Big Ideas – How To Have Them

The search for big ideas starts with big questions. What’s the basis of spirituality? Why can’t people motivate themselves to do what they really need to do? Is there a better way to organize a city? Do we always need to understand a problem to solve it?

To generate big ideas, then, whether for a book you’re writing, an essay, a discussion, or just for your own intellectual entertainment, start with powerful questions. Ask how things might be different. Questions that seem silly are okay too, as long as they are “big” questions like, “What if there were no wars?” or “What if cities had no streets or cars?” The “what if” questions are some of the best.

Big Ideas Come From Challenging Premises

Of the many specific idea-creation and problem-solving techniques that can yield new and big ideas, one of the simplest and most profound is to challenge existing premises. For an example, let’s look at the licensing of doctors by governments and how it affects people’s perceptions.

Licensing is a widely accepted idea which requires a minimum standard that is primarily measured in terms of education and training. Despite not measuring performance, licensing leads the public to think it means safety. People will typically spend more time researching which stereo to buy than which doctors to go to.
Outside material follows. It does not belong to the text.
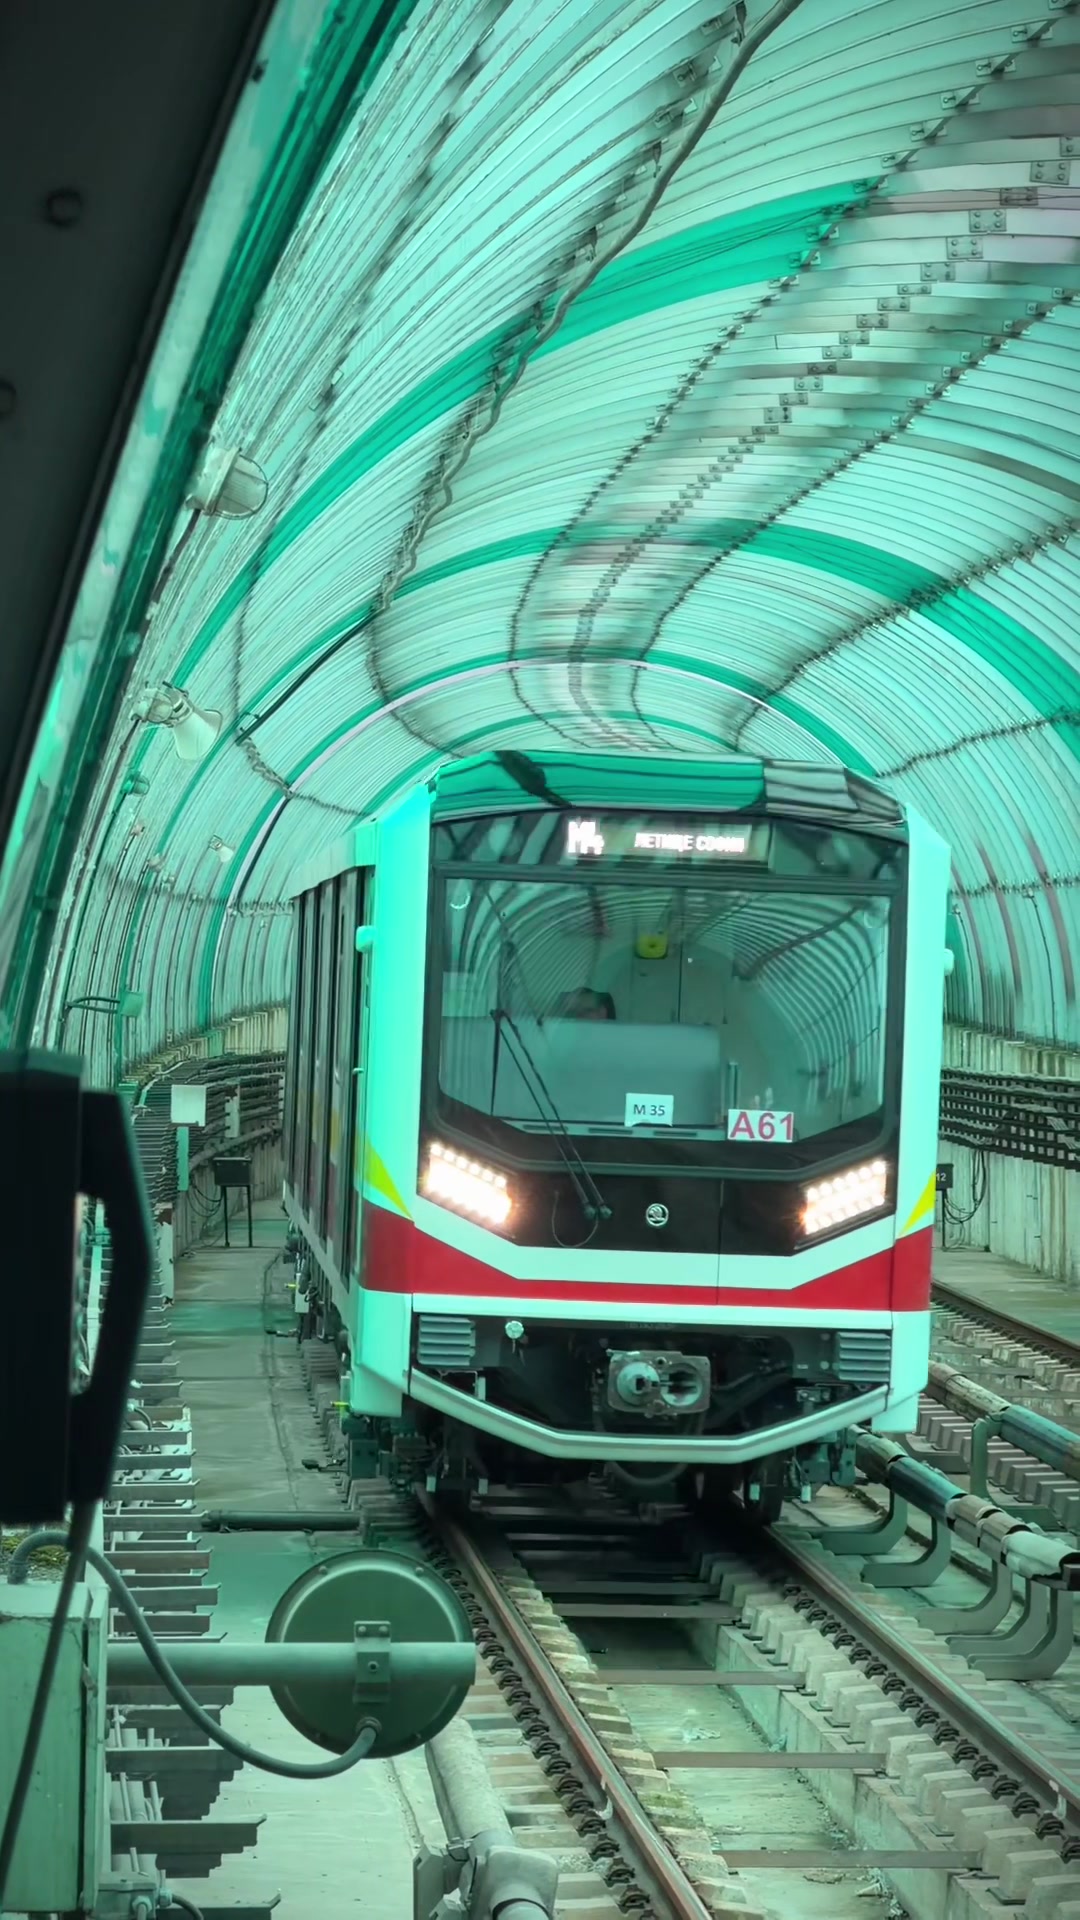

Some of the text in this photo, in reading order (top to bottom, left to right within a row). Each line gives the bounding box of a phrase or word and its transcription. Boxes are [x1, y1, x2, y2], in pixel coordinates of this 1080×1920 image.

This complacency comes from the premise that doctors are licensed and so are roughly equally safe.

Now, for some types of heart operations a given doctor might have one-in-a-thousand patients die on the operating table, while another has four fatalities. You are four times as likely to die with the second doctor, a fact not published anywhere, since his having a “license” is supposedly all you need to know. Well what about a system of ratings that tracks the real achievements and statistics of doctors and makes the information publicly available?

Then you could to pay according to the doctors skill. This may offend doctors with lower performance scores, and the first reaction of many is that they just don’t want the four-deaths-in-a-thousand doctor at any price. Of course there will always be better and worse doctors in any system, and there is no way for the best doctor to treat everyone, so doesn’t it make sense to pay less for lower quality?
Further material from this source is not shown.